The Archive in January
I am glad that the people whose materials I work on have been dead awhile. Some of them have not been dead all that long, and it is true that I would have liked to meet most of them, but thus far I have not run into any restrictions or had to sign any special paperwork in order to read their papers. Moniková, however, has only been dead a few years, so Dawn has to get permission from the widower (fortunately, someone she already knows). I assured her that while this is a nuisance, it is not unusual in regard to the papers of the recently deceased.

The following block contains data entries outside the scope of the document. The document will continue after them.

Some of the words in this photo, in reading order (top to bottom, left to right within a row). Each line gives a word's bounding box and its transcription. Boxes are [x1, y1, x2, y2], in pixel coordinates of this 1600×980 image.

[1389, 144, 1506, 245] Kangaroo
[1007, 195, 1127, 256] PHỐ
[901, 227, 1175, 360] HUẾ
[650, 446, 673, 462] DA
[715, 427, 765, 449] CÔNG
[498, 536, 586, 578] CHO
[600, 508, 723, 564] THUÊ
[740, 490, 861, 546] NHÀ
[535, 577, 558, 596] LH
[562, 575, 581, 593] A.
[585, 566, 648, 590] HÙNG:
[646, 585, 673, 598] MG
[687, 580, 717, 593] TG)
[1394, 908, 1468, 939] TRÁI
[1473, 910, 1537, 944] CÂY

Nor is it unusual for correspondence to have been returned to the still-living person who originally wrote it.
Perhaps, of course, this sort of thing also applies to the materials I work with, and I simply don’t know how much correspondence is absent.
In the case of the lawsuit, however, I don’t think there is any missing correspondence. Strictly speaking, it is not very closely related to my dissertation in the first place, but I will look at pretty much anything that is informative about the lives, habits, and ideas of the interwar avant-garde. You never know what might pop up. Toyen sent Janský postcards and of course she knew Brouk quite well.

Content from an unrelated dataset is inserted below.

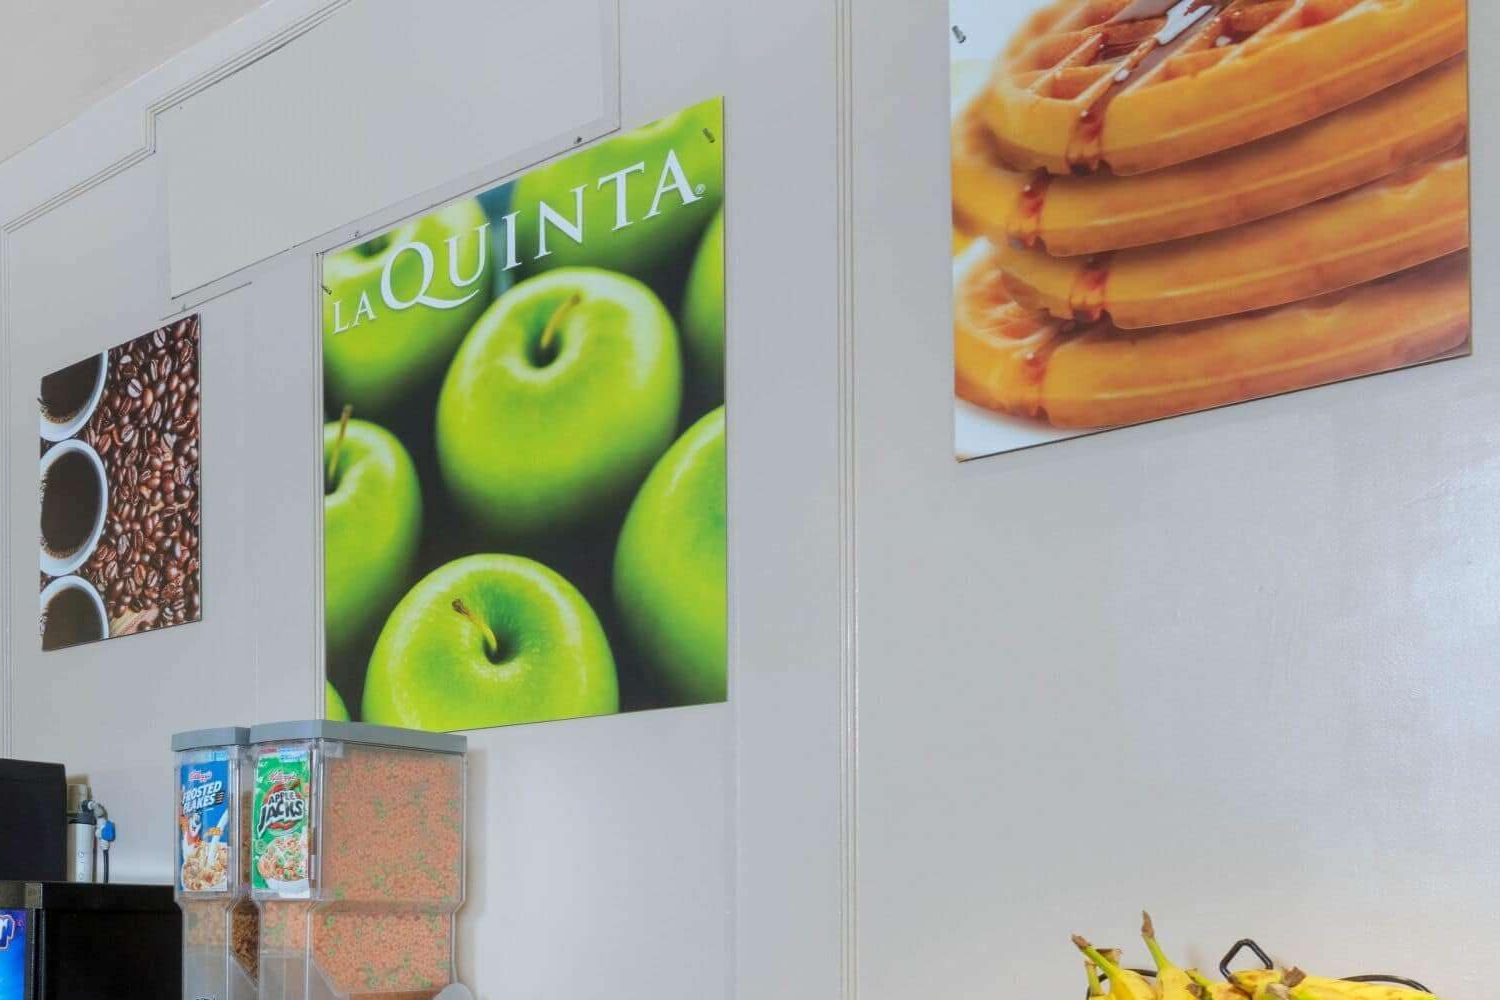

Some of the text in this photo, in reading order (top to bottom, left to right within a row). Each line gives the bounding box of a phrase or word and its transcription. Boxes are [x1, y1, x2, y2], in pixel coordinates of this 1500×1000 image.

[332, 148, 703, 334] LA QUINTA
[258, 800, 303, 832] JACKS

Besides, the folder includes a charming sample of 1936 tabloid journalism. Much more restrained than the present-day variety, it lets its readers know that Ani labuť, ani Lůna (the subject of the lawsuit) reveals the “Sadistický původ Máje: Fantomy sexuálních perversí v Máchově poesii.” I don’t know whether present-day tabloid readers are even interested in whether famous Romantic poets had an Oedipus or castration complex, but Telegraf found this almost as interesting as the latest murder.